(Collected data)
%%

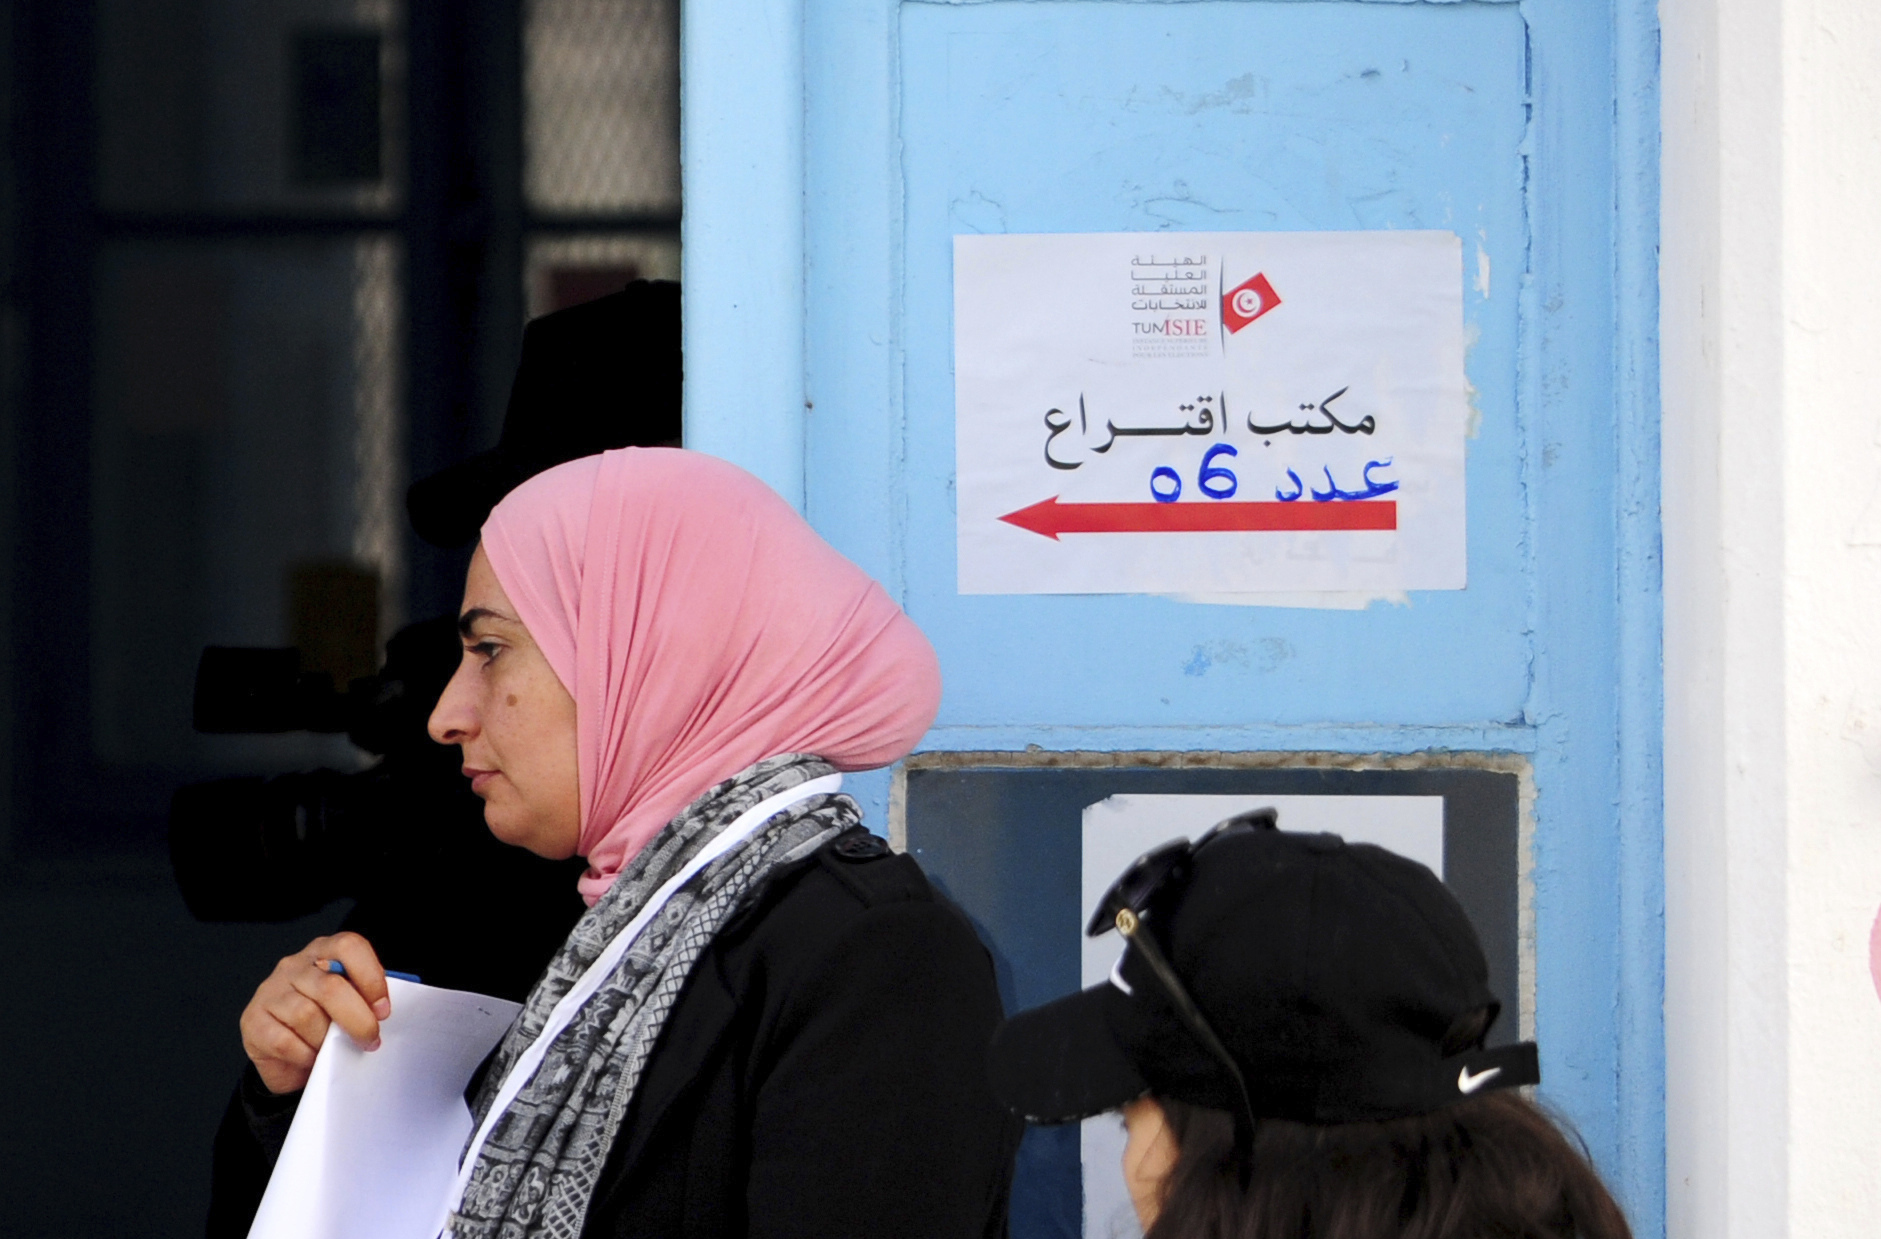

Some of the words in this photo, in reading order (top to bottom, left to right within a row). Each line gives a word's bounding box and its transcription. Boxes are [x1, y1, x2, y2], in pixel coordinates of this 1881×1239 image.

[1131, 255, 1206, 268] الهيئة
[1131, 269, 1207, 283] العليا
[1131, 284, 1207, 296] المستقلة
[1131, 299, 1207, 313] للانتخابات
[1246, 385, 1376, 448] مكتب
[1043, 390, 1228, 471] اقتراع
[1274, 455, 1400, 503] عدد
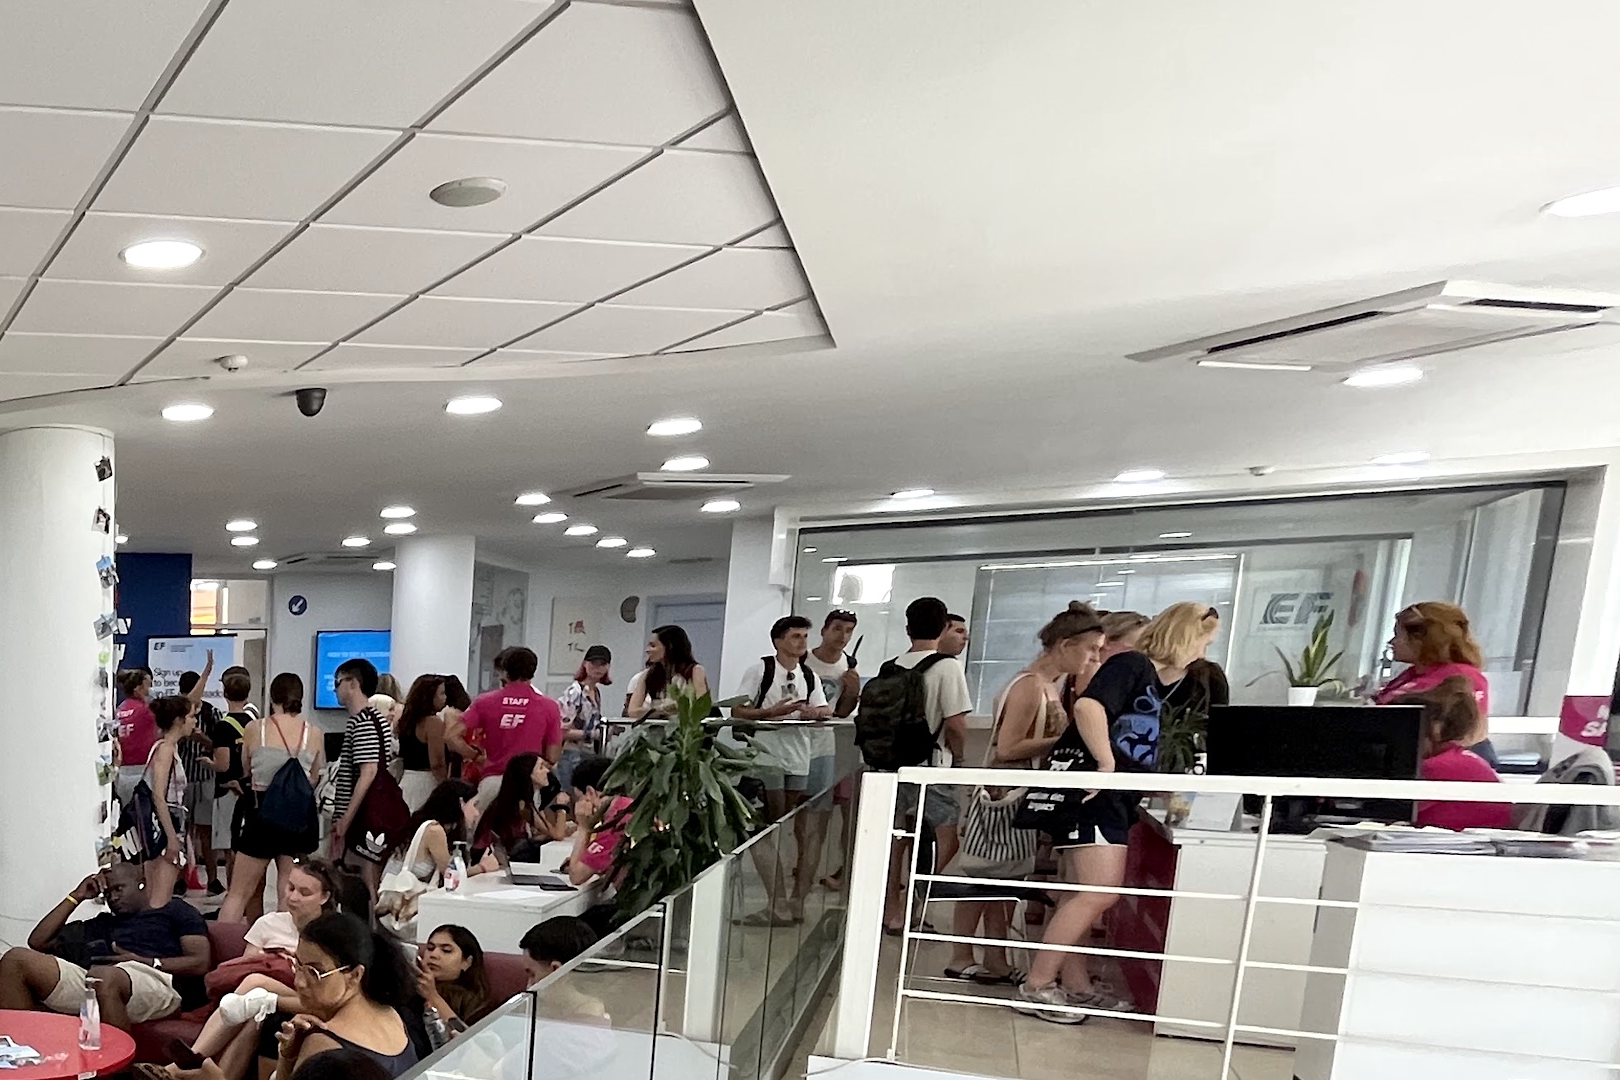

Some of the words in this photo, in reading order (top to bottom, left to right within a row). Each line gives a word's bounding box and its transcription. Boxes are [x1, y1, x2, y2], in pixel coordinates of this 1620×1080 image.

[1259, 592, 1334, 625] EF
[153, 642, 166, 651] EF
[153, 667, 172, 681] Sign
[153, 679, 163, 688] to
[502, 697, 530, 706] STAFF
[499, 713, 526, 729] EF
[117, 723, 135, 738] EF

%%

__TO DO__: When you give the entries again, keep them exact and omit any picture they contain.

__WRITTEN SOLUTION__:
Some of the words in this photo, in reading order (top to bottom, left to right within a row). Each line gives a word's bounding box and its transcription. Boxes are [x1, y1, x2, y2], in pixel coordinates of this 1881×1239 image.

[1131, 255, 1206, 268] الهيئة
[1131, 269, 1207, 283] العليا
[1131, 284, 1207, 296] المستقلة
[1131, 299, 1207, 313] للانتخابات
[1246, 385, 1376, 448] مكتب
[1043, 390, 1228, 471] اقتراع
[1274, 455, 1400, 503] عدد

Some of the words in this photo, in reading order (top to bottom, left to right within a row). Each line gives a word's bounding box and its transcription. Boxes are [x1, y1, x2, y2], in pixel coordinates of this 1620×1080 image.

[1259, 592, 1334, 625] EF
[153, 642, 166, 651] EF
[153, 667, 172, 681] Sign
[153, 679, 163, 688] to
[502, 697, 530, 706] STAFF
[499, 713, 526, 729] EF
[117, 723, 135, 738] EF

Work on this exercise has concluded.